> **Exercise brief**
The entries that follow must be written out exactly, without any of the pictures they contain.

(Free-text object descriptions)
**********
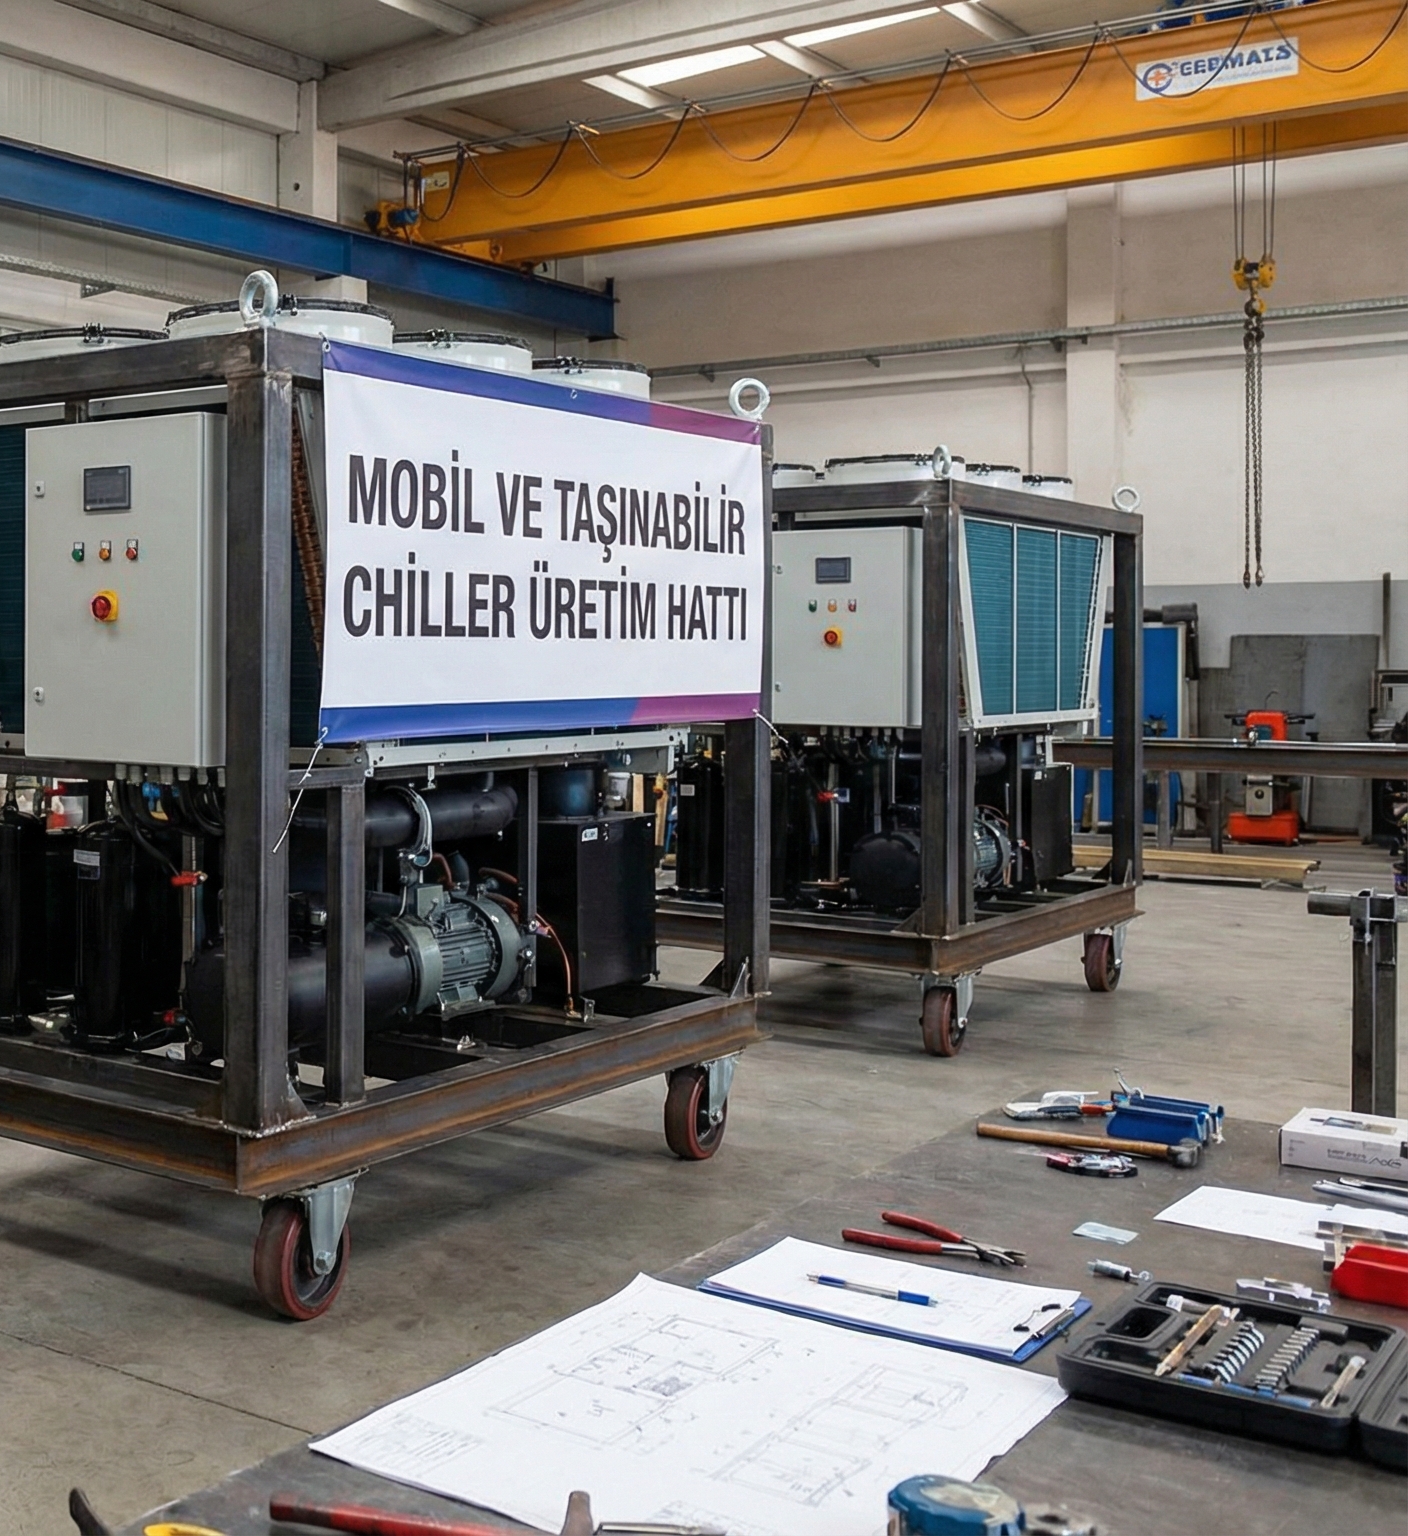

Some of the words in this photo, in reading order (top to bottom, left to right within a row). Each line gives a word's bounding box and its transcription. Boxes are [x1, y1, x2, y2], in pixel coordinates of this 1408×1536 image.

[348, 450, 485, 534] MOBİL
[496, 472, 543, 539] VE
[554, 479, 745, 564] TAŞINABİLİR
[343, 552, 516, 638] CHİLLER
[529, 560, 656, 640] ÜRETİM
[667, 583, 747, 641] HATTI
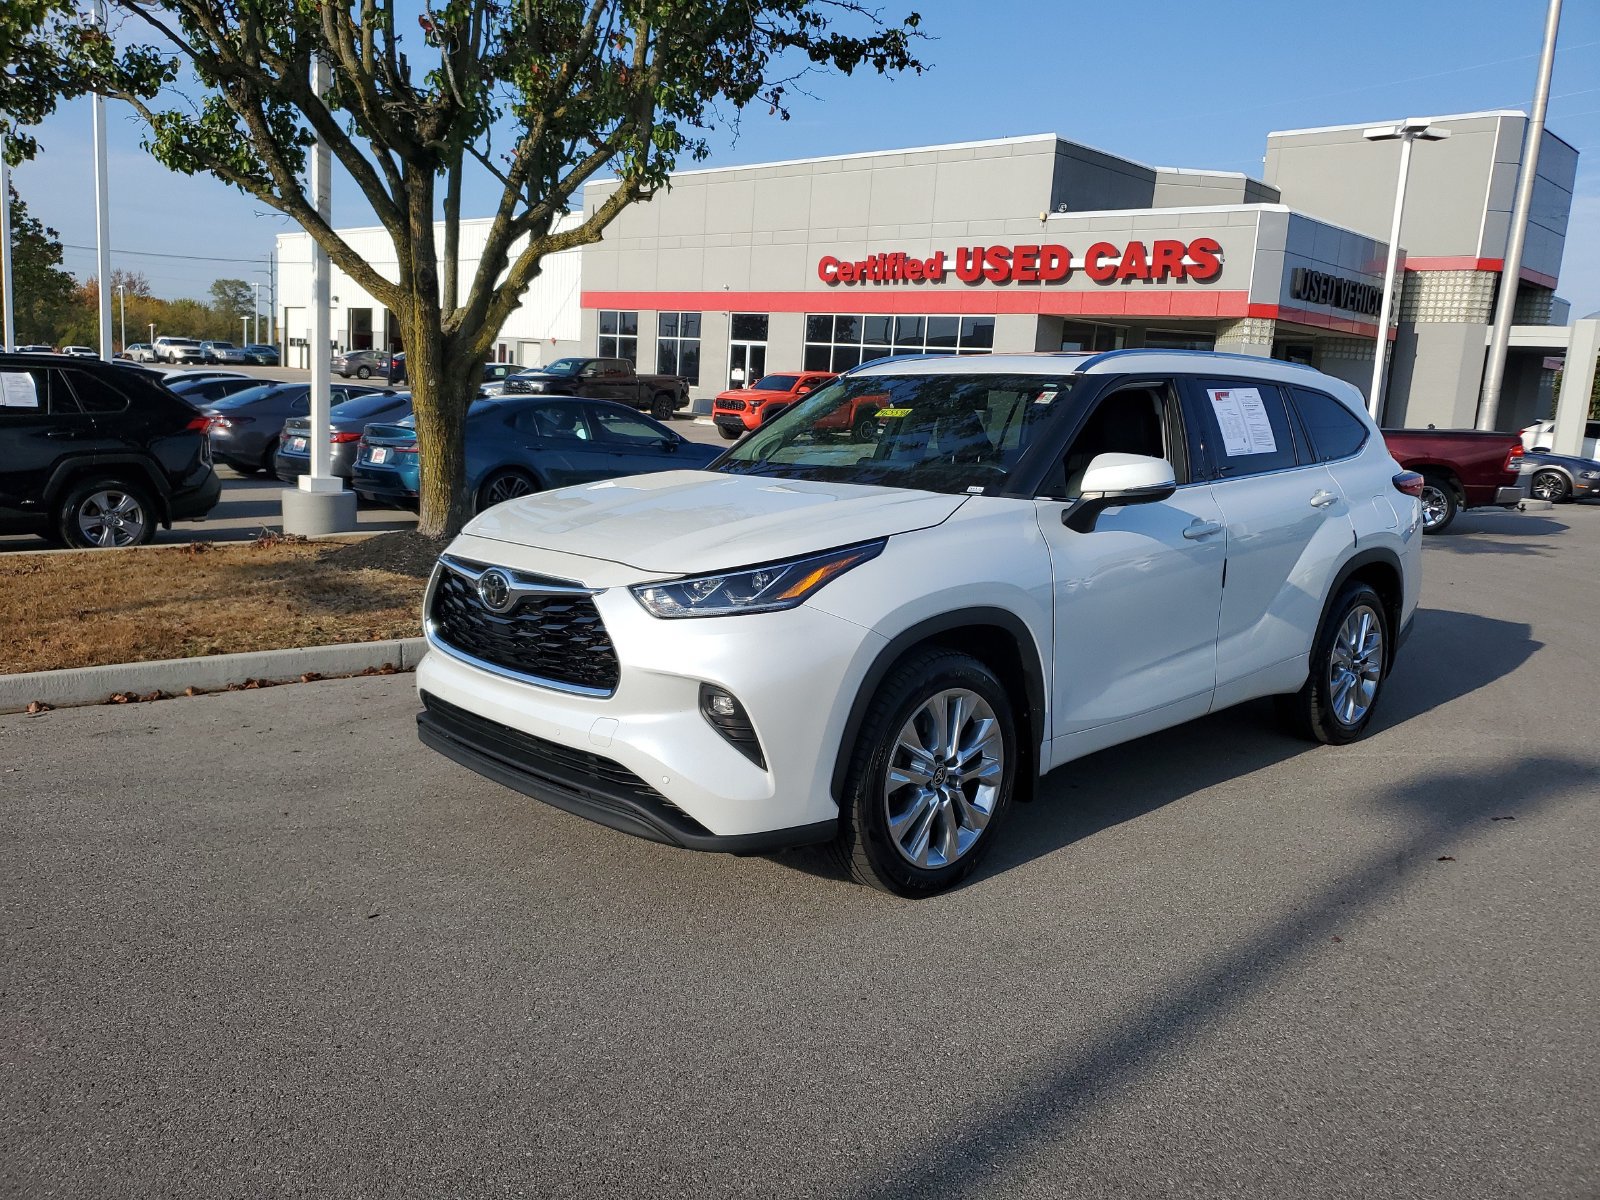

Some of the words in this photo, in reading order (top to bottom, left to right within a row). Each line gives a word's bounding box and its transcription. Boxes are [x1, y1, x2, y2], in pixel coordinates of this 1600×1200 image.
**********
> **Written response**
Some of the words in this photo, in reading order (top to bottom, left to right within a row). Each line gives a word's bounding box and its transcription. Boxes are [x1, y1, x2, y2], in pixel coordinates of this 1408×1536 image.

[348, 450, 485, 534] MOBİL
[496, 472, 543, 539] VE
[554, 479, 745, 564] TAŞINABİLİR
[343, 552, 516, 638] CHİLLER
[529, 560, 656, 640] ÜRETİM
[667, 583, 747, 641] HATTI

Some of the words in this photo, in reading order (top to bottom, left to right within a row). Each line gives a word's bounding box and its transcription. Boxes are [x1, y1, x2, y2], in pixel coordinates of this 1600×1200 image.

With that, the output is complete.